Eles
dão mais valor às relações afetivas do que à estrutura familiar tradicional.
Tanto podem ser filhos de pais separados como não. São adolescentes que já
representam 46% dos cariocas de 13 a 17 anos das classes A, B e C, de todas as
regiões da cidade. O percentual foi medido por uma pesquisa feita pela Casa 7
Núcleo de Pesquisa e pela Quê Comunicação, que batizou esses jovens de "filhos 2.0", numa referência à
expressão Web 2.0, que designa a nova geração da internet, com maior troca de
informações e interatividade entre usuários e sites.
- Os
"filhos 2.0" têm um novo DNA: o do descendente de um núcleo afetivo.

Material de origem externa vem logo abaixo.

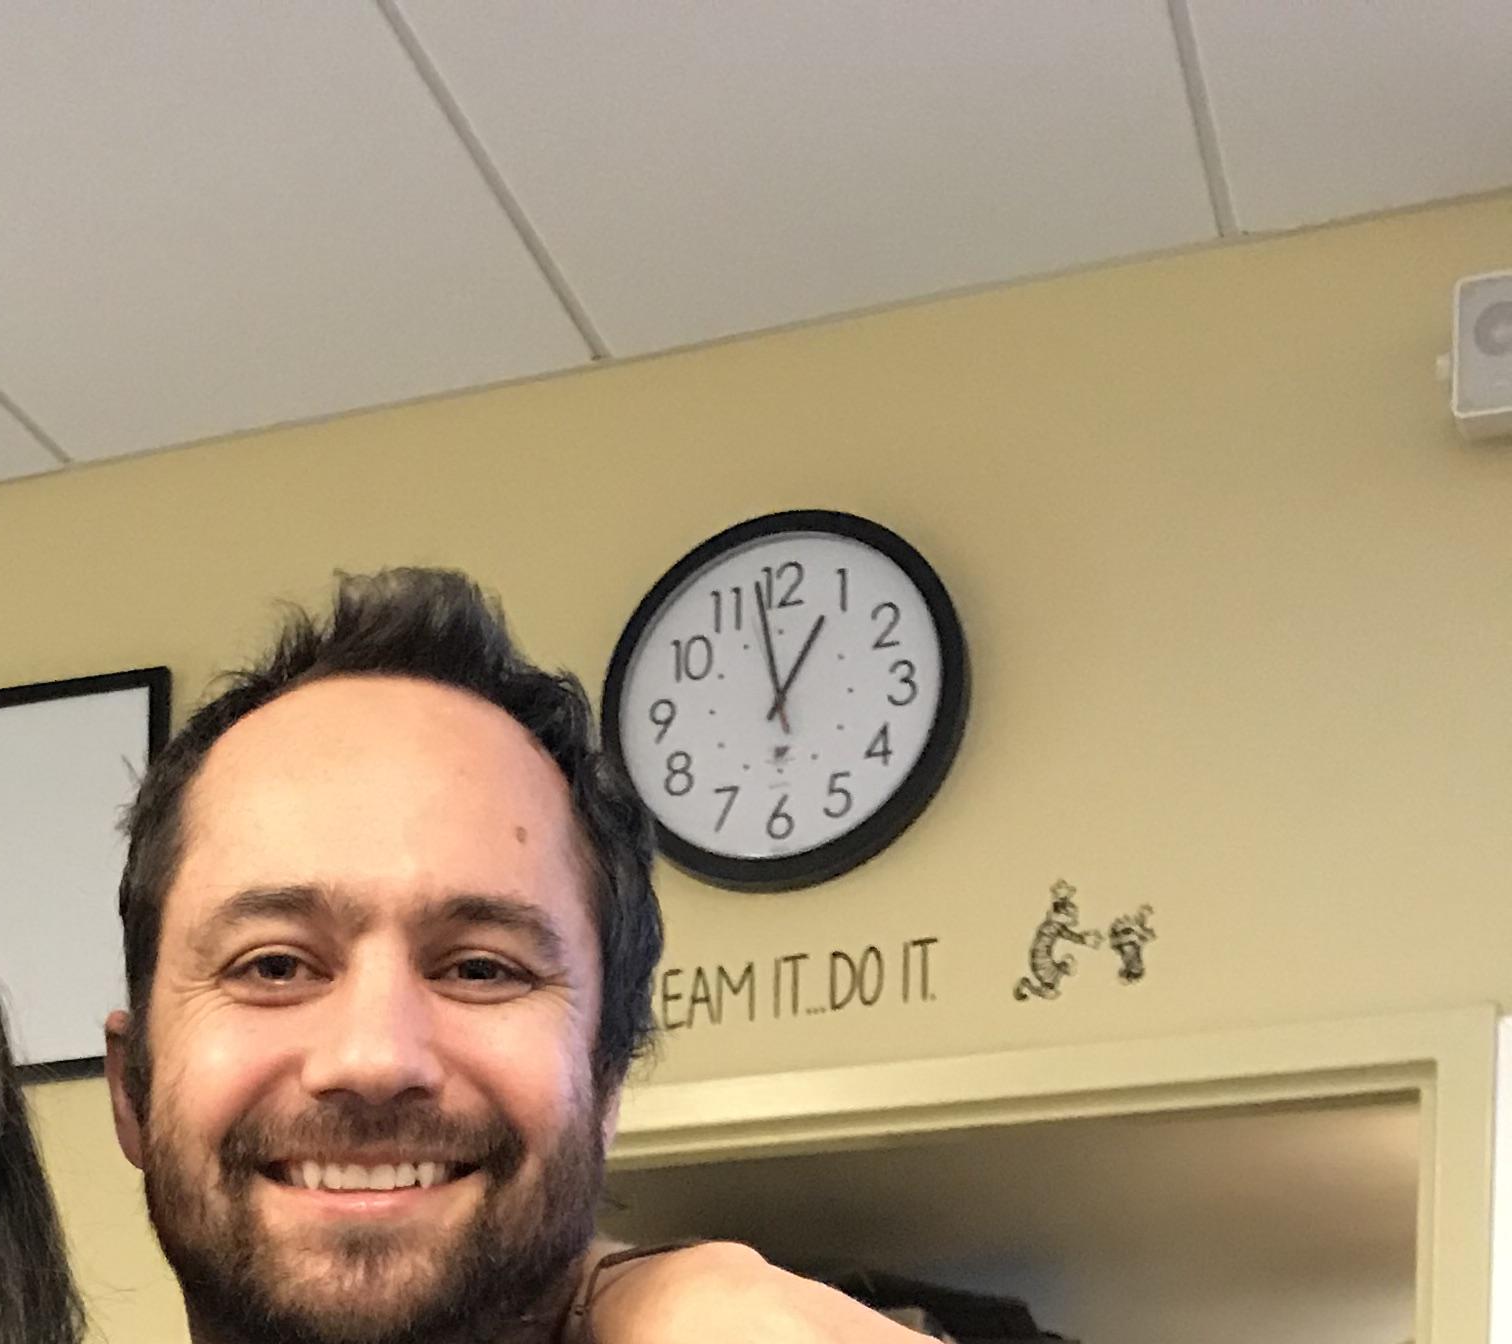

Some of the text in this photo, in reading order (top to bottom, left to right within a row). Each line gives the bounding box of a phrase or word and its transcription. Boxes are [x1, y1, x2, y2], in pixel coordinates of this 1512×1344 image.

[761, 561, 805, 610] 12
[835, 568, 849, 612] 1
[710, 586, 743, 634] 11
[870, 602, 901, 650] 2
[670, 634, 714, 684] 10
[886, 659, 919, 706] 3
[648, 699, 677, 744] 9
[863, 722, 893, 766] 4
[663, 750, 694, 797] 8
[822, 771, 853, 818] 5
[713, 785, 740, 833] 7
[765, 794, 795, 840] 6
[661, 960, 756, 1031] EAM
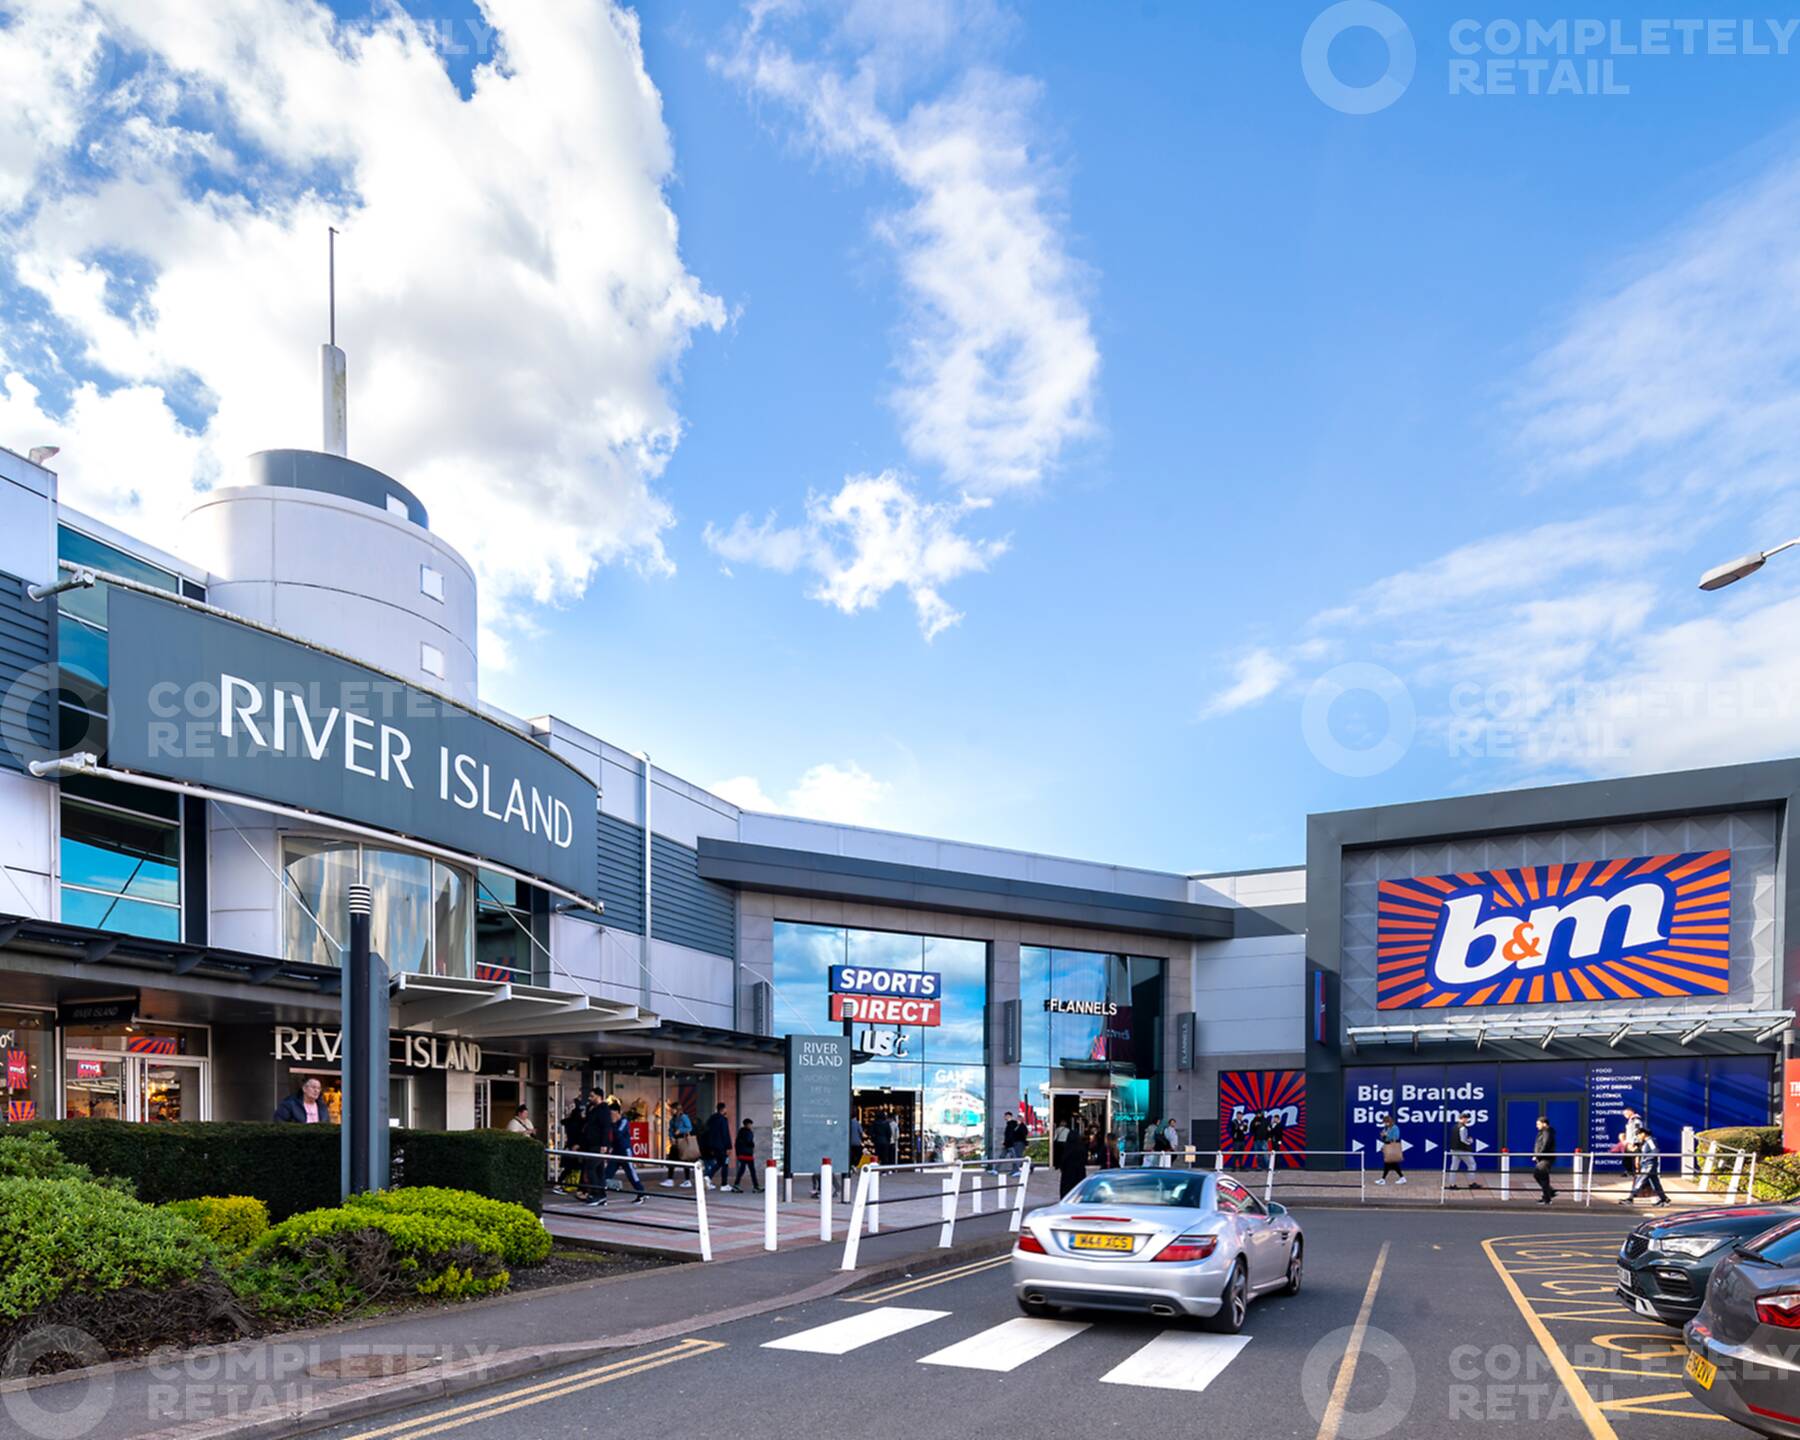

Para eles, a ideia de família não está presa a vínculos formais entre os pais e
responsáveis - diz Gustavo Machado, diretor da Casa 7 .
A
pesquisa mostra que mesmo os adolescentes que moram com pais casados estão
abertos a novas estruturas, desde que sejam harmônicas: 70% deles não se
importariam se tivessem que conviver com outros relacionamentos dos seus pais,
se fossem separados; 78% não veriam problema caso tivessem meios-irmãos; e 44%
não consideram sua família modelo "novela, tipo margarina".
Desses
jovens, 40% moram com ambos os pais. Já 28% vivem com um dos pais e 24%, com um
dos pais e a madrasta ou o padrasto. Os outros 8% não moram com nenhum dos
pais.
Entre
aqueles que vivem com pais gays, a pesquisa revela que, embora se sintam bem e
amados como filhos, têm um desafio a vencer.
-
Esses meninos sentem a pressão da sociedade por conta do preconceito. Os mais
novos temem pelo incômodo de ser expostos na escola. Querem evitar virar motivo
de chacota. Os que têm mais maturidade preferem não expor os pais - explica
Adriana Hack, presidente da Casa 7.
Para
esses adolescentes identificados na pesquisa, a máxima de que é melhor os pais
estarem separados do que vivendo juntos e brigando deveria sofrer mudanças.
-
Eles querem que os pais, mesmo separados, se deem bem. Essa boa relação
influencia os seus hábitos e comportamentos - afirma Tatiana Soter, diretora de
Planejamento da Quê.
Na Zona Sul, novos jovens são maioria
Com
16 anos, Carolina Vollmers do Nascimento mora em Botafogo com a mãe, Astrid
Stefanie Vollmers, a irmã Catarina e cinco gatos. O pai vive com outra mulher
no Leblon.
- O
importante é ter mãe e pai presentes na nossa vida, independentemente de eles
morarem ou não com a gente - opina Carolina, que está no primeiro ano do ensino
médio, estuda inglês e, com o pai, faz um curso às terças-feiras sobre a
doutrina espírita de Allan Kardec.
Astrid,
que se casou e se separou pela segunda vez, procura ter uma boa relação com o
pai de suas filhas. Os dois, inclusive, estão construindo juntos o site de uma
sex shop (eles pretendem abrir um negócio na internet). E, quando as filhas são
o assunto, não falta diálogo.
- O
meu ex-marido foi fundamental quando minha filha mais velha começou a querer
fumar, há um ano. Conversamos sobre o assunto e ele interferiu. Como a Catarina
queria também fazer aula de canto, ele disse que as duas coisas não combinavam.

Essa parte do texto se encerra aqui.